MORE: Laughing at death. And more death-defiance here. Say, now that blogging turns out to be such a highly dangerous endeavor, will that mean the end of "chickenhawk" slurs in the blogosphere?
Survivalism, it seems, is not just for survivalists anymore.
Faced with a confluence of diverse threats — a tanking economy, a housing crisis, looming environmental disasters, and a sharp spike in oil prices — people who do not consider themselves extremists are starting to discuss doomsday measures once associated with the social fringes.
They stockpile or grow food in case of a supply breakdown, or buy precious metals in case of economic collapse.

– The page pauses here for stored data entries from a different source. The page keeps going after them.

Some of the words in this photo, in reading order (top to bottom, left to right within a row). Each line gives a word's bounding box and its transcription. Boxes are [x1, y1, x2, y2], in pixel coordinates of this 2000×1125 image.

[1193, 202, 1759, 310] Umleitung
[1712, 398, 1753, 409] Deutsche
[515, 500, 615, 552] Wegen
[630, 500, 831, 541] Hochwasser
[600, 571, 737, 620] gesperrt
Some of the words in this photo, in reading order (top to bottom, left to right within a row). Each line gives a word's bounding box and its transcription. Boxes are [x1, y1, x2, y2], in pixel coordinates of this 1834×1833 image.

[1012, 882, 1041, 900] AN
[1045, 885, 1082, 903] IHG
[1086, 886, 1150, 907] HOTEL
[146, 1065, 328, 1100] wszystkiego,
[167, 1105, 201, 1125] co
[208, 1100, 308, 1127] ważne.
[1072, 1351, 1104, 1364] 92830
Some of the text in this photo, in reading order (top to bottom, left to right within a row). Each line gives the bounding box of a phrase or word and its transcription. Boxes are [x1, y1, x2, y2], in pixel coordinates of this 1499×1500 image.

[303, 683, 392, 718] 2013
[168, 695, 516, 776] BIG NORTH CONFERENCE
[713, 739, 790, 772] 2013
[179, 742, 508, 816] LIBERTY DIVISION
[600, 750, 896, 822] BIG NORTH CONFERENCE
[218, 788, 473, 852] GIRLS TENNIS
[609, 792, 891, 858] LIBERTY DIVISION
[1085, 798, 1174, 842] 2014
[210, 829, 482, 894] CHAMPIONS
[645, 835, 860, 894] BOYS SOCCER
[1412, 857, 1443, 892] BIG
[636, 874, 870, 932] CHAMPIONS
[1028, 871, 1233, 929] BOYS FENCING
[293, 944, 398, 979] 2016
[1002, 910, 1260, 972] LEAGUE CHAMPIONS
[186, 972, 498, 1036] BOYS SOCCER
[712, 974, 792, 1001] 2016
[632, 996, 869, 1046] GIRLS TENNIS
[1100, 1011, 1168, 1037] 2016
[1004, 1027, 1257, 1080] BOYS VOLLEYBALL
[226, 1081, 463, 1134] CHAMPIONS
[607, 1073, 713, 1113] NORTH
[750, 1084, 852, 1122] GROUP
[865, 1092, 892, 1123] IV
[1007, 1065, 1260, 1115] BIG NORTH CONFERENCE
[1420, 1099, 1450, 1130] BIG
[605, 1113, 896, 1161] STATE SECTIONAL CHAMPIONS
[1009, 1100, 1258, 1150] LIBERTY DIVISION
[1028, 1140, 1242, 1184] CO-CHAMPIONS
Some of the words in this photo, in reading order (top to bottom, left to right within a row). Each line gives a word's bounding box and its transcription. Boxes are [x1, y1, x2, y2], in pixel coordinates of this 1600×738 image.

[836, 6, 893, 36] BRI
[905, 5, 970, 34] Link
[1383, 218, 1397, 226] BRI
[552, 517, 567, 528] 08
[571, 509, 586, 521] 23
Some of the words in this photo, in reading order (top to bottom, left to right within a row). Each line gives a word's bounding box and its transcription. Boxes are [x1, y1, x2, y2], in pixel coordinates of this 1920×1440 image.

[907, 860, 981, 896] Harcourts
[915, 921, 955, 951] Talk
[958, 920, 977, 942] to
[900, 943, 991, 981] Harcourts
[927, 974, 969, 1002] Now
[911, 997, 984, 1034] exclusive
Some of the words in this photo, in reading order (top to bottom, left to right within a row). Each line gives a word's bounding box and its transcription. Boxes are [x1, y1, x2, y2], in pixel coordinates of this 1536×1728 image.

Some try to take their houses off the electricity grid, or plan safe houses far away. The point is not to drop out of society, but to be prepared in case the future turns out like something out of “An Inconvenient Truth,” if not “Mad Max.”
I actually wrote a column on this very phenomenon a couple of years ago. It's real.
UPDATE: More on disaster preparedness here and here.
ANOTHER UPDATE: Reader Lou Wainwright emails:
Also, don’t neglect the impact of World War Z! Evaluating my family’s future prospects in light of a Zombie War has been humbling - especially living in Boston, as far as possible from the natural barrier of the Rockies. Having read the book I’m giving significantly more consideration to the depths of our reserves, perimeter defense, surrounding geography, and survival without gas or electricity…not to mention researching the purchase of a katana and other suitable decapitation tools.
Maybe that explains the interest in knifeblogging! But don't worry Lou, I've gotcha covered.
MORE: Reader William Casey emails: "Almost every book on survival preparedness talks about having a year's supply of food stockpiled. What if you have to evacuate the area hurriedly and permanently?"
You should have a "bugout bag" with necessities, and you might also want some MREs you can throw in the trunk. But obviously you can't take more than a week or two worth of food when evacuating. The rest, alas, will be left for the zombies, who won't properly appreciate it. . . .
Here's a helpful instructional video on the subject from (who else?) the Zombie Squad. And some further suggestions here. You may also wish to include firearms. Note that shotguns, according to Hollywood, are the only firearms generally effective against evil. Here's a big bugout bag roundup, including firearms, from Say Uncle, though he unaccountably neglects the zombie angle, somewhat diminishing his credibility.
IT ALL DEPENDS ON WHAT THE MEANING OF "WE" IS: "Seeing yourself as a part of a tradition and accepting service and sacrifice within that tradition — that's not 'we'? Devising a magnificent, marketable political persona — that's not 'I'?"
It has been suggested by a couple of Platinum subscribers that I think about starting up the old monthly "A Step Farther Out" column; a general report on the sciences or some monthly science news, with an annual "State of the Sciences" essay. I confess I liked doing that.
It's a good idea. I loved that column when I was a kid, in junior high and high school.
We are about to experience the greatest, and most culturally challenging, consumer expansion since the discovery of the New World. In his new book, "Jump Point," Silicon Valley marketing veteran Tom Hayes reveals that the world's leading cell phone companies predict the world market for Internet users is about to triple. What had been one billion wireless users just a few years ago jumped to two billion by the end of 2007 – and will jump again to three billion by 2011.
That timeline may be optimistic. But the U.S. needs to get its competitive house in order soon, or it will face a very tough world.
Mr. McCain, now the presumptive Republican nominee, has staked his candidacy on the promise that American troops can bring stability to Iraq. What he almost never says is that one of them is his own son, who spent seven months patrolling Anbar Province and learned of his father’s New Hampshire victory in January while he was digging a stuck military vehicle out of the mud.
No doubt he can expect an endorsement from those antiwar types who have criticized the Bush daughters for not serving in Iraq.